The BC-1A (NA-55-1) followed as an armed version, primarily for Air Corps Reserve and National Guard units, and the 83 built could be equipped with a  machine gun on the nose, and a flexible gun in the rear cockpit.

The US Navy received 40 NA-28 aircraft based on the BT-9, which it designated the NJ-1, as well as 16 NA-52s, designated the SNJ-1, 36 NA-65 as SNJ-2s, and 25 NA-79 also as SNJ-2s.

In March 1937, the Commonwealth Aircraft Corporation of Australia purchased an NA-32 (NA-16-1A, with fixed undercarriage) and an NA-33 (NA-16-2K with retractible undercarriage) along with a manufacturing license. The first CAC Wirraway, based on the NA-33, flew on 27 March 1939, of which 755 were built.

In August 1937, Mitsubishi Jukogyo K.K. purchased a single NA-16, NA-16-4R (NA-37), powered by the  Pratt & Whitney R-985-9CG, including manufacturing rights. A second N-16, NA-16-4RW (NA-47), powered by a smaller Wright engine, was ordered in December 1937. After being evaluated by the Imperial Japanese Navy, Kyusu and K.K. Watanabe Tekkosho chose to ignore the NAA design almost entirely, and built 176 of the somewhat similar K10W1 from 1941 to 1942 which the Allies gave the code name Oak.
After WWII, the Japanese Air Self Defense Force operated 195 Texans (9 T-6Ds, 11 T-6Fs, and 175 T-6Gs) and the Japanese Maritime Self Defence Force operated 62 (10 SNJ-4s, 41 SNJ-5s, and 11 SNJ-6s)

According to Dan Hagedorn, "the BC-1A series may be regarded as the true beginning of the modern AT-6 series." In December 1938, the British Commonwealth started receiving the first of 400 Harvard Mark Is (NA-49), for use in the Central Flying School. They were powered by the  Pratt & Whitney R-1340-S3H1 Wasp. In May 1939, the Royal Canadian Air Force (RCAF) ordered 30 Harvard Mark Is (NA-61). Then in November 1939, the British Purchasing Commission ordered the first of eventually 1275 Harvard Mark IIs (NA-66, NA-75, NA-76, and NA-81) for the Royal Air Force and RCAF.

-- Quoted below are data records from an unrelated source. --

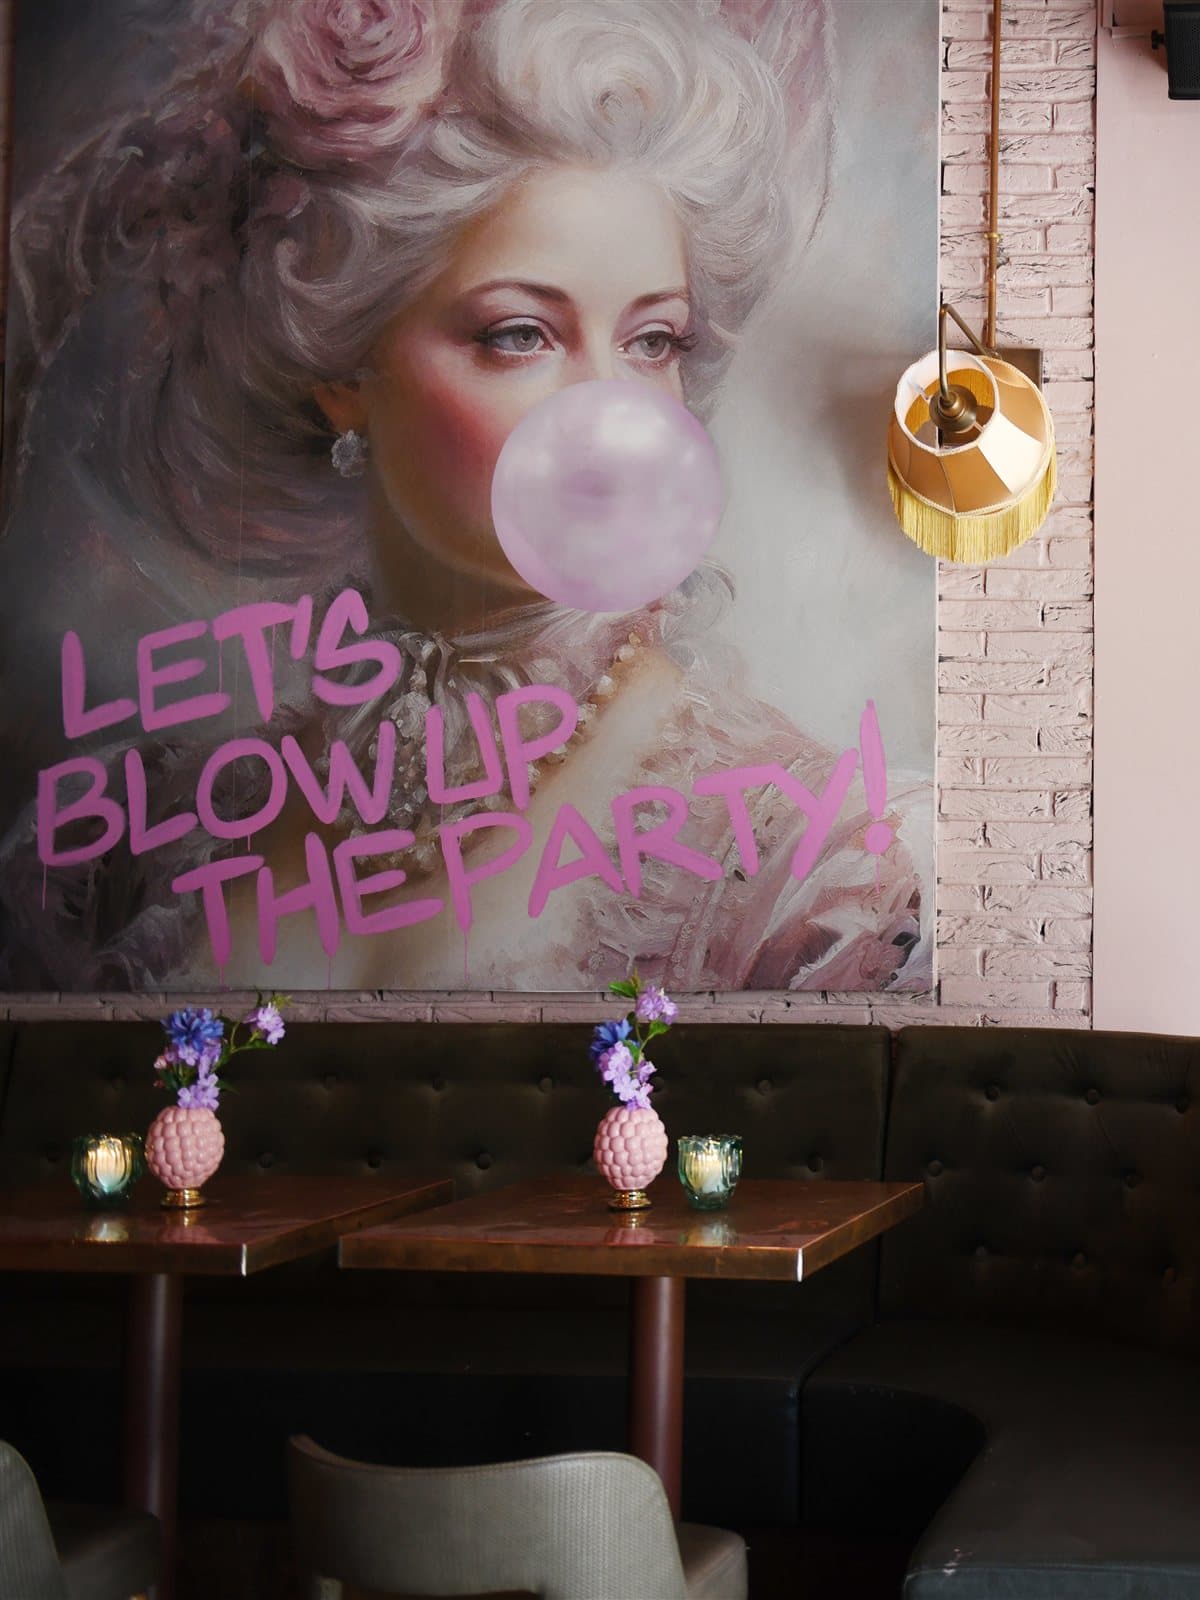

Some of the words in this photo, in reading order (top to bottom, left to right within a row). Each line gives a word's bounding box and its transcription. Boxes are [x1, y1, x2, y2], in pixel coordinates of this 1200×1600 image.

[61, 589, 402, 738] LET'S
[38, 721, 396, 866] BLOW
[425, 684, 579, 809] UP
[172, 830, 441, 966] THE
[440, 699, 889, 933] PARTY!

On 23 April 1939, NAA received a contract for 251 BT-14s and 94 AT-6s. The BT-14 (NA-58) was a fixed gear aircraft with a metal skinned fuselage 14 inches longer than the BT-9. In 1941, 27 BT-14s were refitted with the  R-985-11, and designated as BT-14A-NAs. In June 1939, NAA received an order for 94 AT-6-NAs (NA-59), powered by the wright R-1340-47 and able to mount two  machines guns.

The USAAC AT-6A, and the U.S. Navy SNJ-3, were based on the NA-77 and NA-78 designs. Pratt & Whitney R-1340-49 Wasp radial engine powered the USAAC aircraft, while R-1340-38s powered the Navy aircraft. The USAAC received 1847 AT-6As, and the Navy received 270 SNJ-3s.

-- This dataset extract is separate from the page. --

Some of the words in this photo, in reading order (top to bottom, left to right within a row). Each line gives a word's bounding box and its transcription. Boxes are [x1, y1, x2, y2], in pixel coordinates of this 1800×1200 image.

The AT-6B (NA-84) was built for armament training, and could mount a  machine gun on the right nose cowl, right wing, and in the rear cockpit, and could carry a light bomb rack. The aircraft was powered by the  R-1340-AN-1 engine. The USAAC received 400.

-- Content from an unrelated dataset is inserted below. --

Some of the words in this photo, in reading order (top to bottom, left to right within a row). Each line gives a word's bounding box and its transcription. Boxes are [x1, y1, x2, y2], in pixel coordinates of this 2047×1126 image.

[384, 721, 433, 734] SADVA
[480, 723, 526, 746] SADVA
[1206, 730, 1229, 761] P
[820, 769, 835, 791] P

The NA-88 design was used to build 2970 AT-6Cs (747 of which went to the British Commonwealth as Harvard IIas), 2401 SNJ-4s, 2604 AT-6Ds (537 of which went to the British Commonwealth as Harvard IIIs), and 1357 SNJ-5s. The first AT-6C aircraft was delivered on 12 February 1942. The 12-volt electrical system was changed to a 24-volt system in the AT-6D, for standardization amongst the service. The AT-6D, which was also armament capable, and early versions included a wing gun camera, and a high-pressure oxygen system. The AT-6D used two toggle starter switches, rather than the foot pedal starter, and the first AT-6D was delivered on 22 July 1943. The Navy received an additional 630 AT-6Ds direct from the USAAF, redesignating them SNJ-5s, for a total of 1987. Similarly, the NA-121 design was used to build the final wartime Texans, and included 800 AT-6Ds (of which 211 went to the Navy as SNJ-5s), and 956 AT-6Fs (of which 411 went to the Navy as SNJ-6s). They were capable of carrying a  centerline drop tank.

From 1942, Canada's Noorduyn built 2557 R-1340-AN-1-powered Harvard IIs under license, paid for by USAAF Lend-Lease funds as the AT-16, but designated as the Harvard II.B. After WWII, many remained in service with the RCAF.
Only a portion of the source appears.